- DATA SUPPLIED -
⟨
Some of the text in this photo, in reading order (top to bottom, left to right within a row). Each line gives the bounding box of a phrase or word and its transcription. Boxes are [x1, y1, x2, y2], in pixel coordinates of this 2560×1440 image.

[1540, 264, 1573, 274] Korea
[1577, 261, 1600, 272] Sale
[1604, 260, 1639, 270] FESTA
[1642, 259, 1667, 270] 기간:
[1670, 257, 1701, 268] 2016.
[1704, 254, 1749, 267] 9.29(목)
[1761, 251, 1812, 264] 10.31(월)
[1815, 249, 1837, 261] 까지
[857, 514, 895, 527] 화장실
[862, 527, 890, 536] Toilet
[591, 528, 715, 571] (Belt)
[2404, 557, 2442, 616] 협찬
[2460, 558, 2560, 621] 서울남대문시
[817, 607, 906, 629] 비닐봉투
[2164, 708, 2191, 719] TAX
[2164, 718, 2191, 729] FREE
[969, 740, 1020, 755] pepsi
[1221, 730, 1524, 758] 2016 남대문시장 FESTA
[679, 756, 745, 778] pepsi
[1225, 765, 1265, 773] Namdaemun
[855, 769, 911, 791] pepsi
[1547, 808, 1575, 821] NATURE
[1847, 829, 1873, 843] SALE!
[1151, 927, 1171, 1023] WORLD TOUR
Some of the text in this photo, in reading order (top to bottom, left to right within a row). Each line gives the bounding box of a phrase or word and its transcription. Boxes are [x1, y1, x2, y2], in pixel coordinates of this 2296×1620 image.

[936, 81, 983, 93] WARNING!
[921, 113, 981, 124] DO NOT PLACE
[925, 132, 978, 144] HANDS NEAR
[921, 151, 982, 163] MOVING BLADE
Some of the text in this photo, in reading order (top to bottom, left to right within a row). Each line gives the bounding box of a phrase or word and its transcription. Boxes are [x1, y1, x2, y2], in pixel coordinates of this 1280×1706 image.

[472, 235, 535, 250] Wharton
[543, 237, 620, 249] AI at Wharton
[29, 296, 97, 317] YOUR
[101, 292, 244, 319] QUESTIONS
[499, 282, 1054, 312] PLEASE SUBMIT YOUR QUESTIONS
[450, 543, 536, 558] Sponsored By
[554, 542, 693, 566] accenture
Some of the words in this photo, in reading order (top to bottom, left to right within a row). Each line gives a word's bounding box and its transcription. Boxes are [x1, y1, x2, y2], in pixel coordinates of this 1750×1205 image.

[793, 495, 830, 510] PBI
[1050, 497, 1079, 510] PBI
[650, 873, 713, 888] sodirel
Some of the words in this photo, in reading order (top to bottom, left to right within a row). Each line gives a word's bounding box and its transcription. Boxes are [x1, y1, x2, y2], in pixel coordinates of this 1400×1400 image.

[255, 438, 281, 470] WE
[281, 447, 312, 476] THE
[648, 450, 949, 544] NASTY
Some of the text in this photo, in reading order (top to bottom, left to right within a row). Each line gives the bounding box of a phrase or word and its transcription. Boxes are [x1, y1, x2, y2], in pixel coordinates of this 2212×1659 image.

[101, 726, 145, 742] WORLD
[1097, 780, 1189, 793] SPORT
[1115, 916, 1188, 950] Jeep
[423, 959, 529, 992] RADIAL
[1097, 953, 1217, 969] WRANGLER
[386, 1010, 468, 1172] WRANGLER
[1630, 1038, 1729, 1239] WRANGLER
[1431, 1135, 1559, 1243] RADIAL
⟩
- WHAT IS BEING ASKED -
Transcribe all of the entries without alteration.

- EXERCISE OUTPUT -
Some of the text in this photo, in reading order (top to bottom, left to right within a row). Each line gives the bounding box of a phrase or word and its transcription. Boxes are [x1, y1, x2, y2], in pixel coordinates of this 2560×1440 image.

[1540, 264, 1573, 274] Korea
[1577, 261, 1600, 272] Sale
[1604, 260, 1639, 270] FESTA
[1642, 259, 1667, 270] 기간:
[1670, 257, 1701, 268] 2016.
[1704, 254, 1749, 267] 9.29(목)
[1761, 251, 1812, 264] 10.31(월)
[1815, 249, 1837, 261] 까지
[857, 514, 895, 527] 화장실
[862, 527, 890, 536] Toilet
[591, 528, 715, 571] (Belt)
[2404, 557, 2442, 616] 협찬
[2460, 558, 2560, 621] 서울남대문시
[817, 607, 906, 629] 비닐봉투
[2164, 708, 2191, 719] TAX
[2164, 718, 2191, 729] FREE
[969, 740, 1020, 755] pepsi
[1221, 730, 1524, 758] 2016 남대문시장 FESTA
[679, 756, 745, 778] pepsi
[1225, 765, 1265, 773] Namdaemun
[855, 769, 911, 791] pepsi
[1547, 808, 1575, 821] NATURE
[1847, 829, 1873, 843] SALE!
[1151, 927, 1171, 1023] WORLD TOUR
Some of the text in this photo, in reading order (top to bottom, left to right within a row). Each line gives the bounding box of a phrase or word and its transcription. Boxes are [x1, y1, x2, y2], in pixel coordinates of this 2296×1620 image.

[936, 81, 983, 93] WARNING!
[921, 113, 981, 124] DO NOT PLACE
[925, 132, 978, 144] HANDS NEAR
[921, 151, 982, 163] MOVING BLADE
Some of the text in this photo, in reading order (top to bottom, left to right within a row). Each line gives the bounding box of a phrase or word and its transcription. Boxes are [x1, y1, x2, y2], in pixel coordinates of this 1280×1706 image.

[472, 235, 535, 250] Wharton
[543, 237, 620, 249] AI at Wharton
[29, 296, 97, 317] YOUR
[101, 292, 244, 319] QUESTIONS
[499, 282, 1054, 312] PLEASE SUBMIT YOUR QUESTIONS
[450, 543, 536, 558] Sponsored By
[554, 542, 693, 566] accenture
Some of the words in this photo, in reading order (top to bottom, left to right within a row). Each line gives a word's bounding box and its transcription. Boxes are [x1, y1, x2, y2], in pixel coordinates of this 1750×1205 image.

[793, 495, 830, 510] PBI
[1050, 497, 1079, 510] PBI
[650, 873, 713, 888] sodirel
Some of the words in this photo, in reading order (top to bottom, left to right within a row). Each line gives a word's bounding box and its transcription. Boxes are [x1, y1, x2, y2], in pixel coordinates of this 1400×1400 image.

[255, 438, 281, 470] WE
[281, 447, 312, 476] THE
[648, 450, 949, 544] NASTY
Some of the text in this photo, in reading order (top to bottom, left to right within a row). Each line gives the bounding box of a phrase or word and its transcription. Boxes are [x1, y1, x2, y2], in pixel coordinates of this 2212×1659 image.

[101, 726, 145, 742] WORLD
[1097, 780, 1189, 793] SPORT
[1115, 916, 1188, 950] Jeep
[423, 959, 529, 992] RADIAL
[1097, 953, 1217, 969] WRANGLER
[386, 1010, 468, 1172] WRANGLER
[1630, 1038, 1729, 1239] WRANGLER
[1431, 1135, 1559, 1243] RADIAL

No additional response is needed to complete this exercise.